I needed a change and moved to Transmission Section where I thoroughly enjoyed designing the Department’s first digital test generator in 1976 (GE7/1, see picture).  It simulated a PCM coder, producing precisely defined waveforms that were used to align the PCM decoders at the main FM transmitting stations.  Entirely made from digital logic, it was a refreshing change from RF.  Once again, it had to fit it in a small space and this was achieved through the expertise of Laboratory Technician Neale Davison.

Outside Broadcasts

In 1976 I was asked to investigate a problem with new cameras being used by BBC Outside Broadcasts and I found that picture defects were being caused by impedance mismatch problems.  While investigating, I had to almost completely disassemble one of their brand new and very precious cameras, to get at the interface for the camera's triaxial cable.  I am no stranger to taking things to pieces, but I was very relieved when I got it back together and working again.  During another project for OB's (feasibility study for a new communications system), I spent a day with the OB crew at Ascot, so I put a bet on at lunchtime and my horse came in at 5 to 1.  A profitable job!  

Seminars

Around this time I got involved with seminars that the Department put on for various groups of visitors and I devised a party piece that demonstrated several of the Section’s achievements.  I used the “Carrier Equipment” to frequency division multiplex a 13 Channel PCM coder and baseband video with Sound-in-Syncs, then I passed the whole signal through an almost invisible optical fibre.  I proved that I was not cheating by pulling out the fibre to stop all the sound and picture.  Optical fibres were fairly new in 1977 so this created quite a lot of interest.

Microprocessors

Microprocessors were just beginning to appear and Richard Russell of Monitoring & Control Section produced the first working design that most of us had seen.  The Department benefited greatly from the enthusiasm of staff who developed expertise working on their own personal projects outside work, and this was a prime example.  I was so impressed that, as a small official project, I built a demonstration microcomputer based on Richard’s design and helped a number of people in the Department to understand the basics.

Trips around the UK

For some years I had been envious of the people working in Monitoring & Control Section, so I was delighted when I managed promotion into the section as a Senior Design Engineer.  They were a very clever lot and their strongly held views made life fairly dramatic at times.  The other, far more experienced, Senior Design Engineer was David Carter and he was leading pioneering work on the development of Monitoring & Information Centres (for the transmitter network).  I did various fairly small projects including a unit (CO8/5) that would fit into any of the Automatic Fault Reporters installed at transmitting stations, and it enabled measurements of signal quality to be signalled back to headquarters.  Designs Department, in particular David Savage, had done a lot of work to establish satisfactory picture quality throughout long and complex distribution paths, but station visits to check for variations over time were expensive and time consuming.  By fitting my unit at the ends of major chains it was possible to track any performance variations more easily.  The benefit for me was visiting, Shetland, Isle of Lewis, Northern Ireland, Wales, Devon and Jersey to install the units and make tests.  These trips in 1978/9, with Tim Cook of Transmitter Department for guidance, were most enjoyable.

Silver Streak Transposer

After quite a struggle, I felt that I was beginning to be accepted in M&C Section.  Then one day I was called to see my Group Head David Kitson and Johnny Johnstone.  Following the success of Blue Streak there was a requirement to design a successor and they asked me if I would be willing to lead the project.  Having previously done a long stint in RF, really I wanted to move on, so I said no thank you.  I knew that I was pushing my luck and I felt rather bad about it after all the mentoring I had received.  So, the next day when Johnny had a quiet chat with me I changed my mind.  In fact David was offering me a marvellous job and it was foolish of me to be difficult about it.

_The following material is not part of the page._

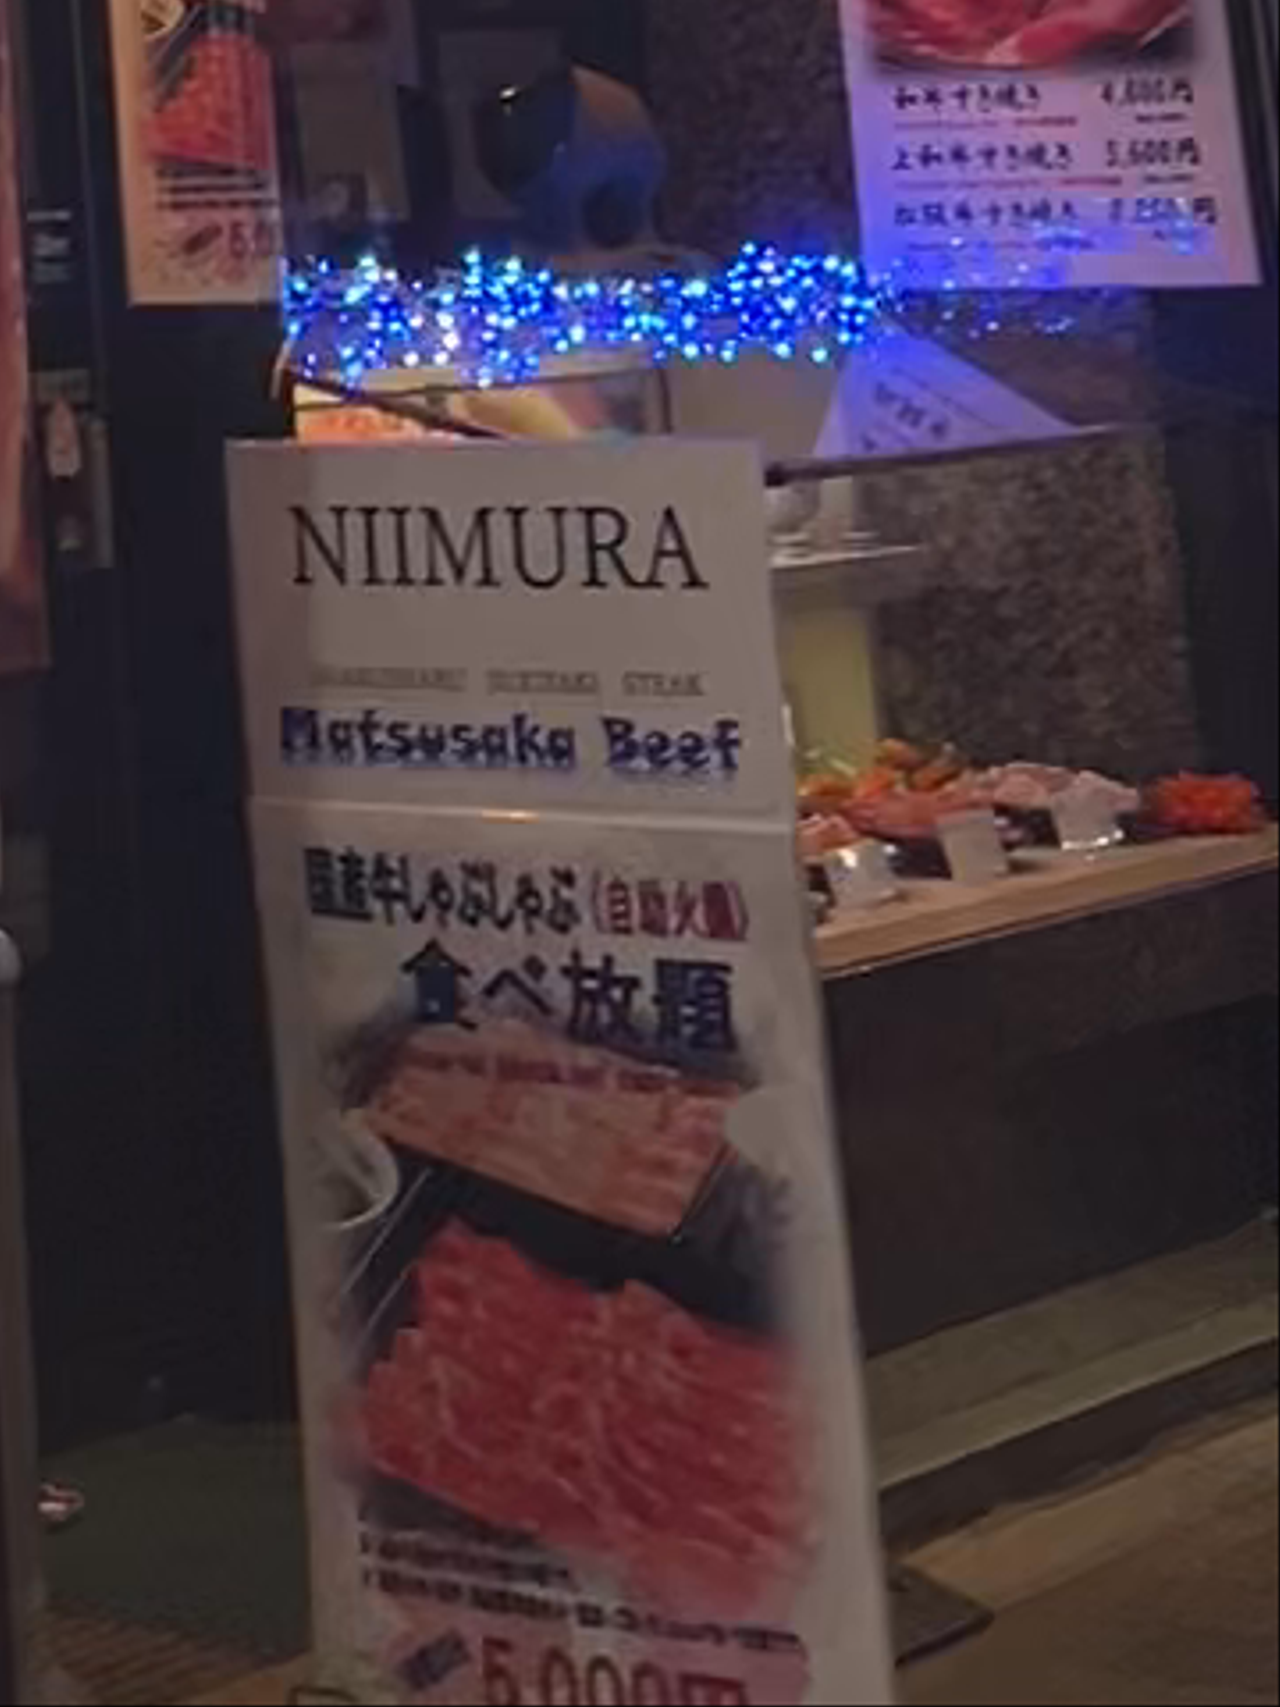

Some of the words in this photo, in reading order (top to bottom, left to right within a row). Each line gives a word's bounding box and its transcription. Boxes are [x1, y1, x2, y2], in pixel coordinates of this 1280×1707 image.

[286, 504, 710, 591] NIIMURA
[280, 705, 578, 768] Matsusaka
[600, 716, 743, 771] Beef
[401, 938, 738, 1053] 食べ放題

I knew exactly who I wanted on the team and I got them all.  Rhys Lewis designed the IF unit and Bill Murray designed the frequency synthesiser.  Jack Hart designed the physical housing in conjunction with people from Services Section, including a special aluminium extrusion (see picture).  He also designed the comb line filters with consultancy from John Sykes (who was leading a very successful VHF/FM transmitter project at the time).  Other engineers, technicians, drawing office and model shop staff joined the team when necessary.  They were all first rate and the end result, in 1981, was very good.  Compared with the successful Blue Streak, this new “Silver Streak” transposer had to be better than half the cost, half the size and half the weight.  This was achieved by a significant margin and it was far more flexible operationally.  I believe that about 750 were still in use some 25 years later.

HF Control System

Meanwhile, back in Monitoring & Control Section, David Carter had developed a leading-edge distributed microcomputer architecture for the control system of a big HF transmitting station at Woofferton.  His team included Richard Russell, David King, Nick Cutmore and John Went, who also contributed a great deal to this very successful project.

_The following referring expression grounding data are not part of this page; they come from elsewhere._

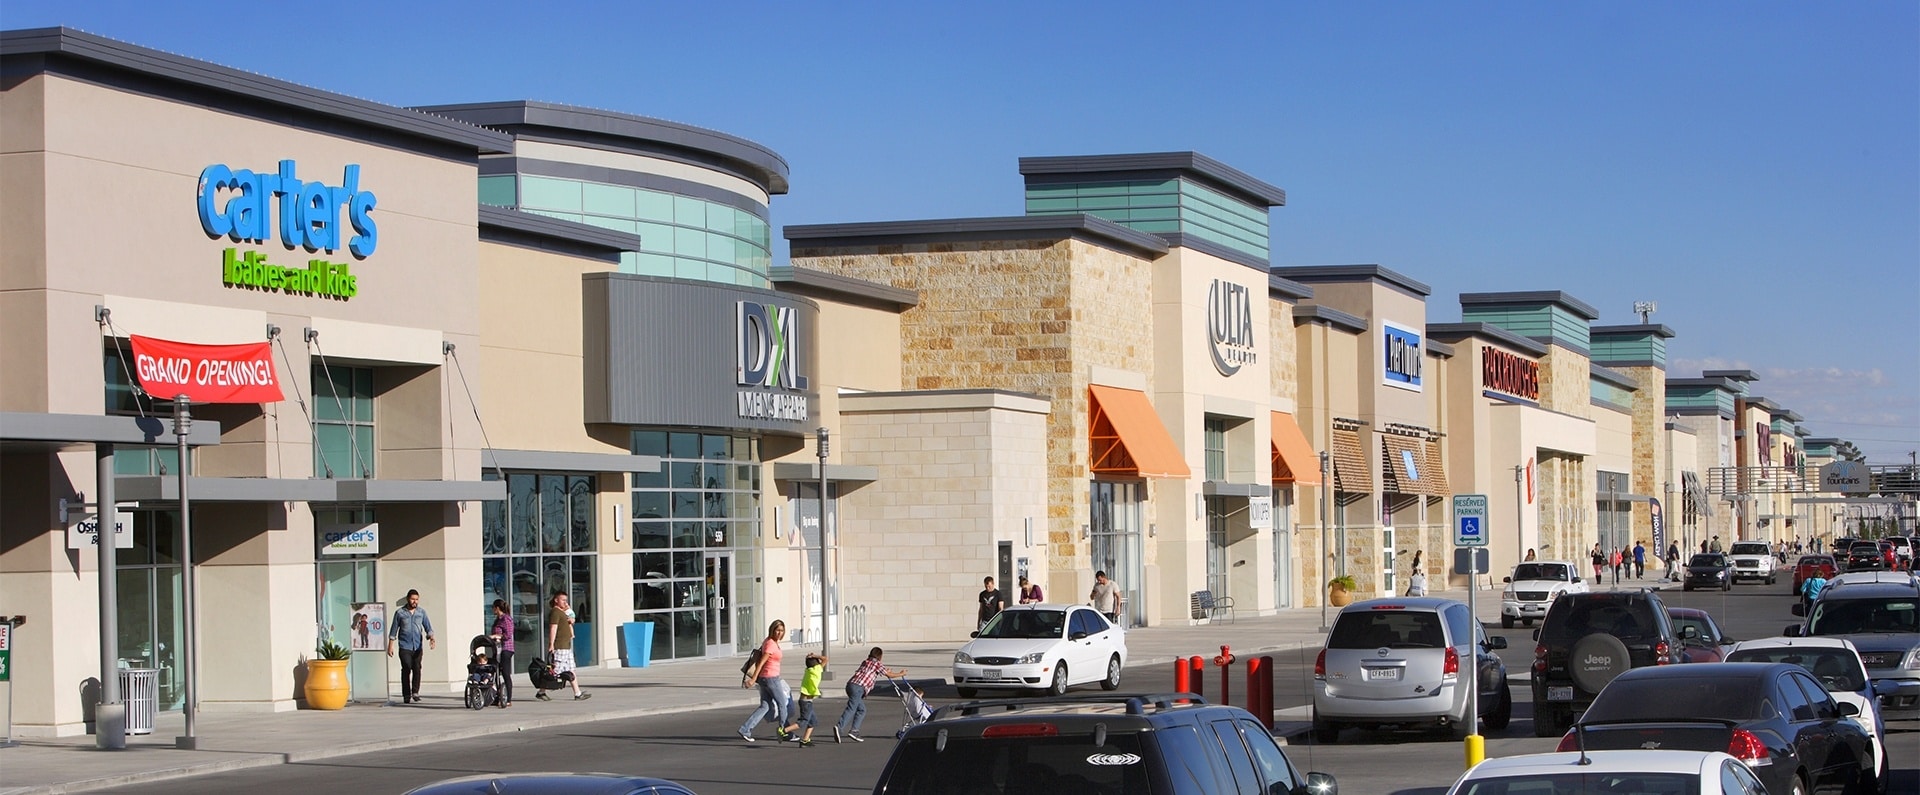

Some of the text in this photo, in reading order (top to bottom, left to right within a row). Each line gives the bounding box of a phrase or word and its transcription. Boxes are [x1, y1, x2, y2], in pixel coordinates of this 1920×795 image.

[197, 159, 377, 257] carter's
[223, 248, 357, 299] babies and kids
[1213, 278, 1254, 347] ULTA
[737, 300, 808, 389] DXL
[137, 353, 273, 386] GRAND OPENING!
[1503, 352, 1521, 395] ROOM
[1827, 477, 1860, 485] fountains
[1831, 472, 1841, 480] the
[1455, 499, 1485, 507] RESERVED
[1457, 508, 1483, 516] PARKING
[325, 530, 375, 541] carter's
[1584, 654, 1612, 665] Jeep

I moved back to Monitoring and Control Section and my job was to lead the team to automate the control system at the Skelton HF transmitting station.  In some ways my job was easy because the basic design had been done for Woofferton, but it was quite educational from a management perspective.  I didn’t know nearly as much as the others about the intricacies of the microcomputer system, but I tried hard to reconcile all the strongly held views and it was very satisfying to see the team achieve another conspicuous success.

Transmission Section

In 1983 John O'Clarey, the Head of Transmission Section retired and I replaced him.  The section was doing all sorts of interesting work including NICAM, Dual Channel Sound-in-Syncs, 68PAL and digital OB multiplex. 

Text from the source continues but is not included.